Берег полого опускался к реке. Под ногами мягко шуршали жухлые осоки. Молодой лед упруго гнулся, но держал. Его черную гладь расцветили вмерзшие пузыри. Провалился я, к счастью, уже у другого берега. Одна нога упирается в кочку, другая по колено в воде. Как никогда, кстати была бы сейчас явочная квартира!
Улица Заволжская. Дома раскиданы вдоль нее и вглубь от дороги, а третьего нет. Я уже отчаялся обнаружить явку и тут увидел его, дом у леска. Перед домиком пусто, но стук... Я обошел ограду. Мужчина в теплой поддевке что-то мастерил у сарая. Топор, звеня, входил в древесину, разбрасывая щепу. Трудно объяснить, почему я решил, что это именно Якушев. Наверно, очень мне этого хотелось. А с другой стороны, пароль безобиден и вполне годится по времени.
- Зимняя погода! - громко проговорил я.
Человек поднял голову, кивнул и снова принялся за полено.
- Зимняя погода, - повторил я и значительно положил на верх изгороди руки в красных варежках.

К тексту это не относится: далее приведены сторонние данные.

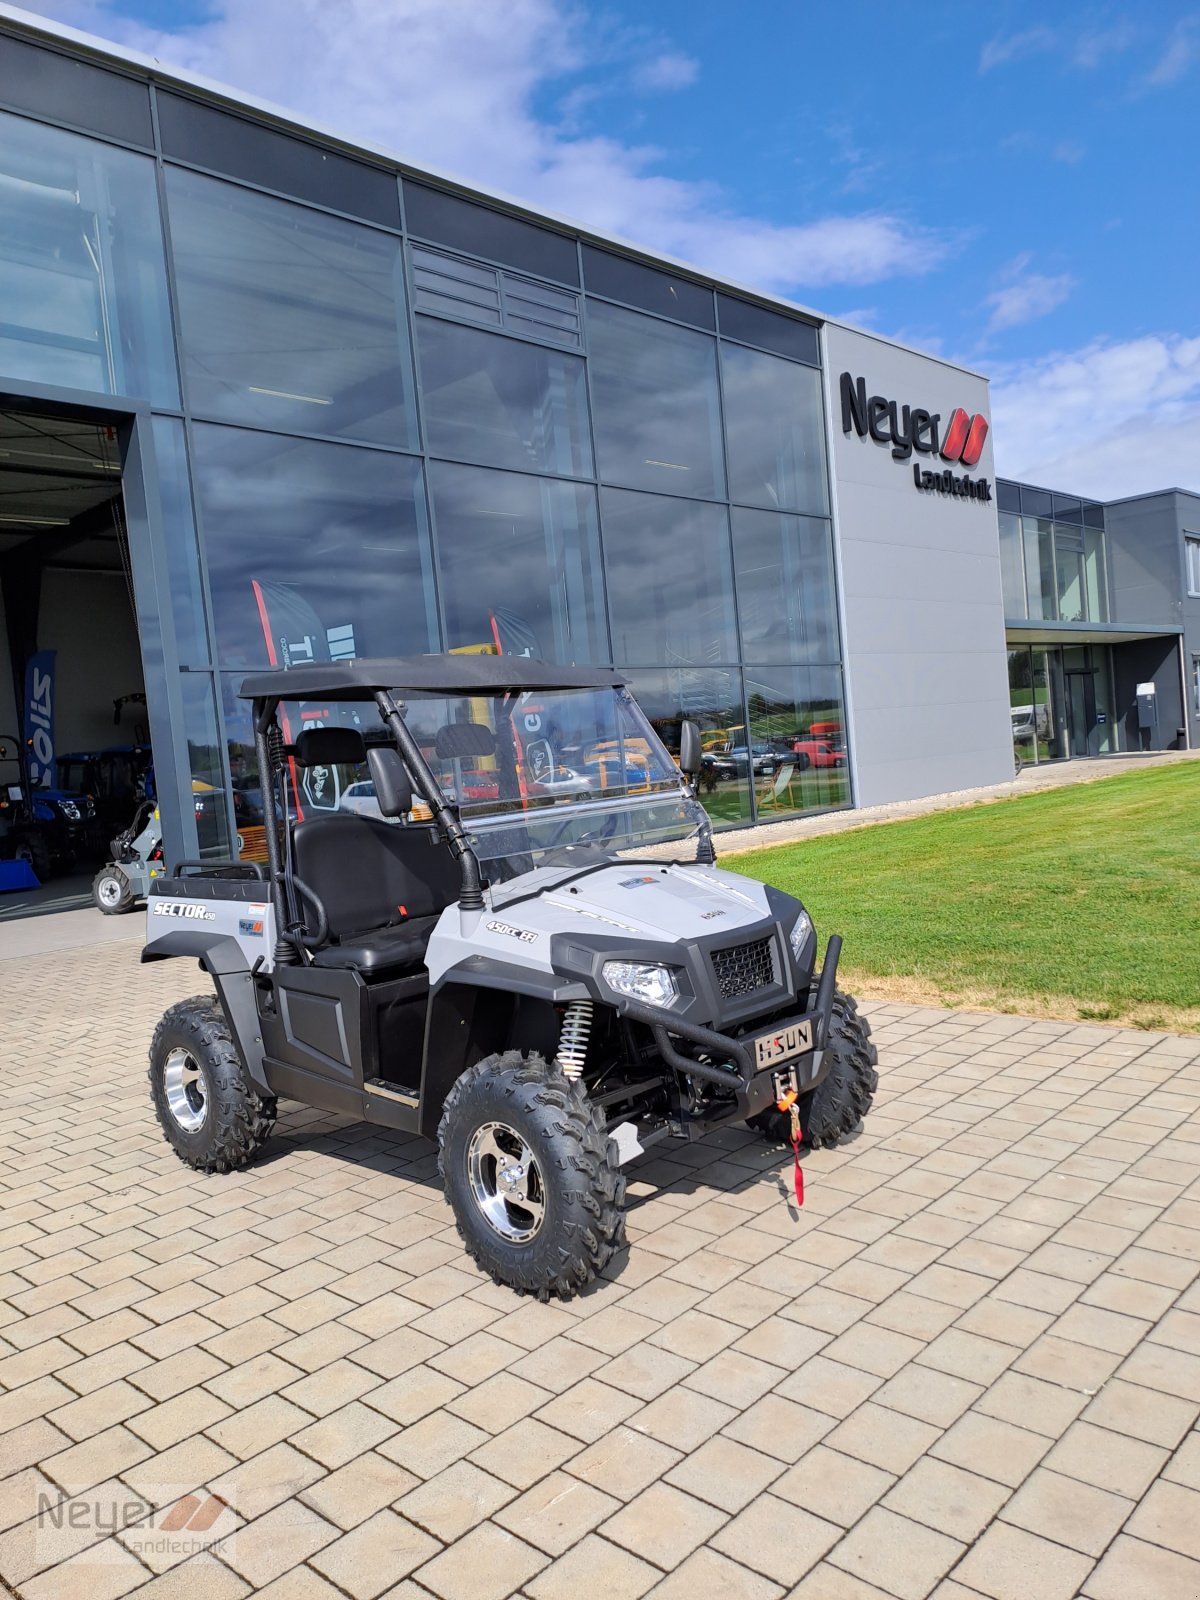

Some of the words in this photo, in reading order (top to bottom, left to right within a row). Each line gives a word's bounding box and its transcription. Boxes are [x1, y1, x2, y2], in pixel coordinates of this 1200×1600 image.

Он сощурился, наклонил голову и раздумчиво произнес:
- Да, зимняя, хорошая погода...
Вообще-то, отзыв: "Я люблю такую погоду". Но столько лет прошло, мудрено запомнить! Он стоял и глядел выжидающе. "Во выдержка! - восхитился я. - Будто сегодня и ждал с паролем". А ноги совсем зашлись. Якушев не торопился, разглядывал. Я признался:
- Вы знаете, я провалился в реку, там у берега, промок немного.
- Чего же сразу не говорил?! Эх ты! И молчит... Быстрее в хату!
За дверцей печи гудело, металось пламя. Якушев разрезал мне ледяные шнурки ботинок, кинул овчину под ноги, плеснул в стакан водки. До чего же хорошо прийти к своему человеку, думалось мне, на явку, как домой. Замечательно!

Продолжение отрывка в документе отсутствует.